__Required action__:
Set the records down again in full, exactly as they are, apart from the images.

__Records for this exercise__:
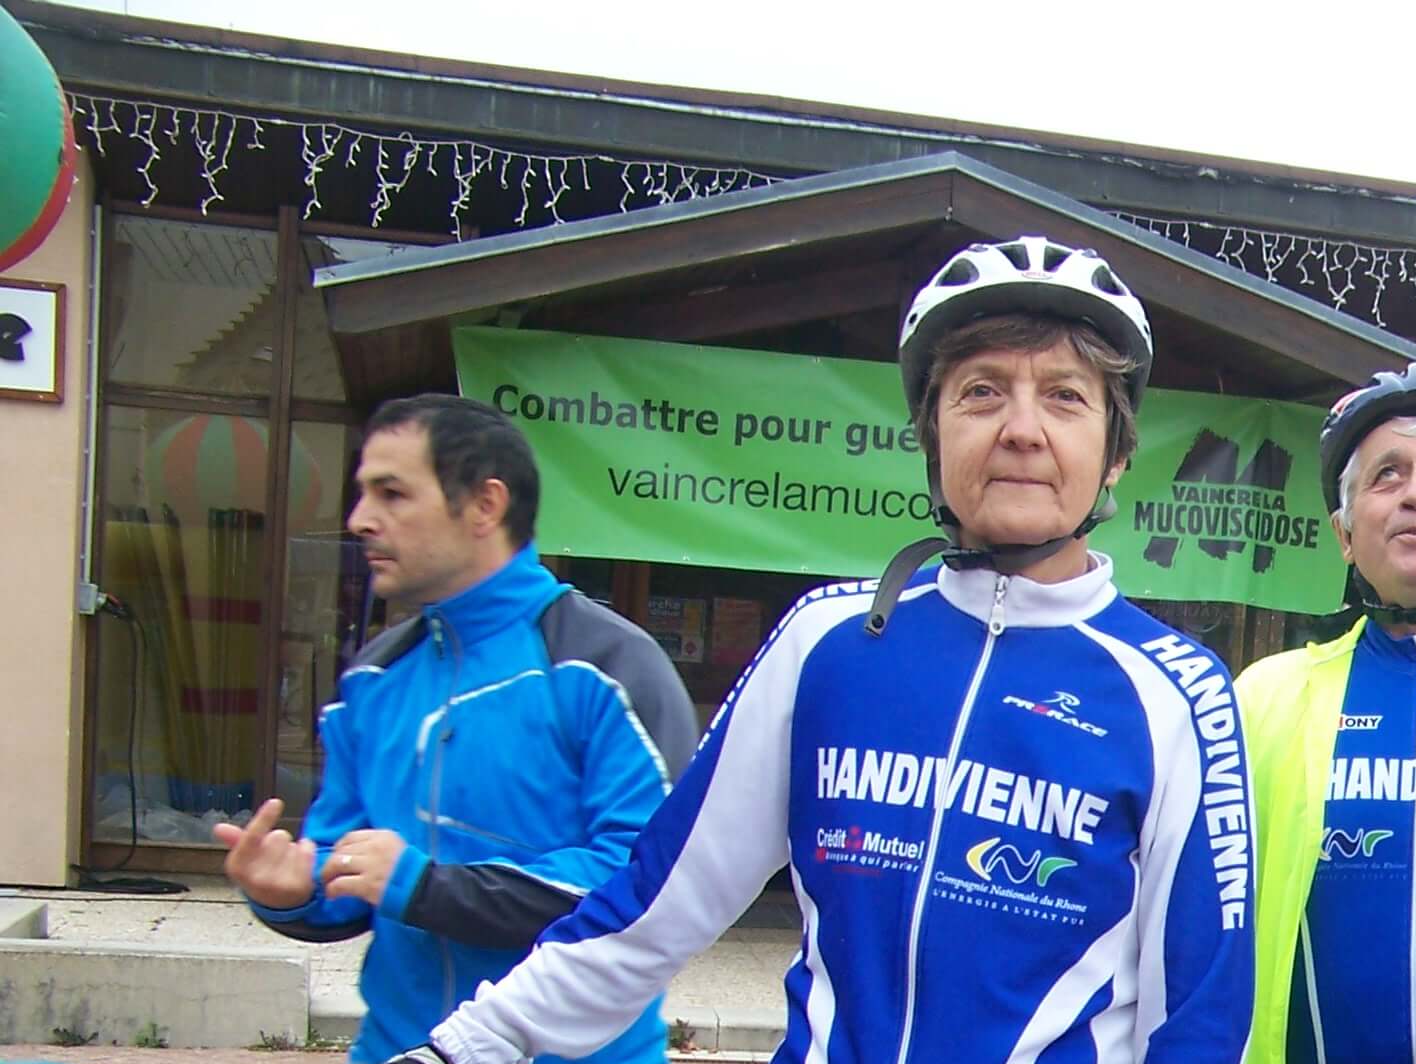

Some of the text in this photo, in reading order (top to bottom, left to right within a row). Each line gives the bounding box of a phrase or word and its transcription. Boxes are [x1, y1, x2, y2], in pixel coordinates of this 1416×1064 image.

[492, 384, 719, 438] Combattre
[733, 405, 831, 446] pour
[606, 463, 933, 521] vaincrelamuco
[1134, 501, 1320, 549] MUCOVISCIDOSE
[1340, 715, 1382, 729] ONY
[817, 747, 1110, 845] HANDIVIENNE
[862, 831, 925, 860] Mutuel

__Answer area__:
Some of the text in this photo, in reading order (top to bottom, left to right within a row). Each line gives the bounding box of a phrase or word and its transcription. Boxes are [x1, y1, x2, y2], in pixel coordinates of this 1416×1064 image.

[492, 384, 719, 438] Combattre
[733, 405, 831, 446] pour
[606, 463, 933, 521] vaincrelamuco
[1134, 501, 1320, 549] MUCOVISCIDOSE
[1340, 715, 1382, 729] ONY
[817, 747, 1110, 845] HANDIVIENNE
[862, 831, 925, 860] Mutuel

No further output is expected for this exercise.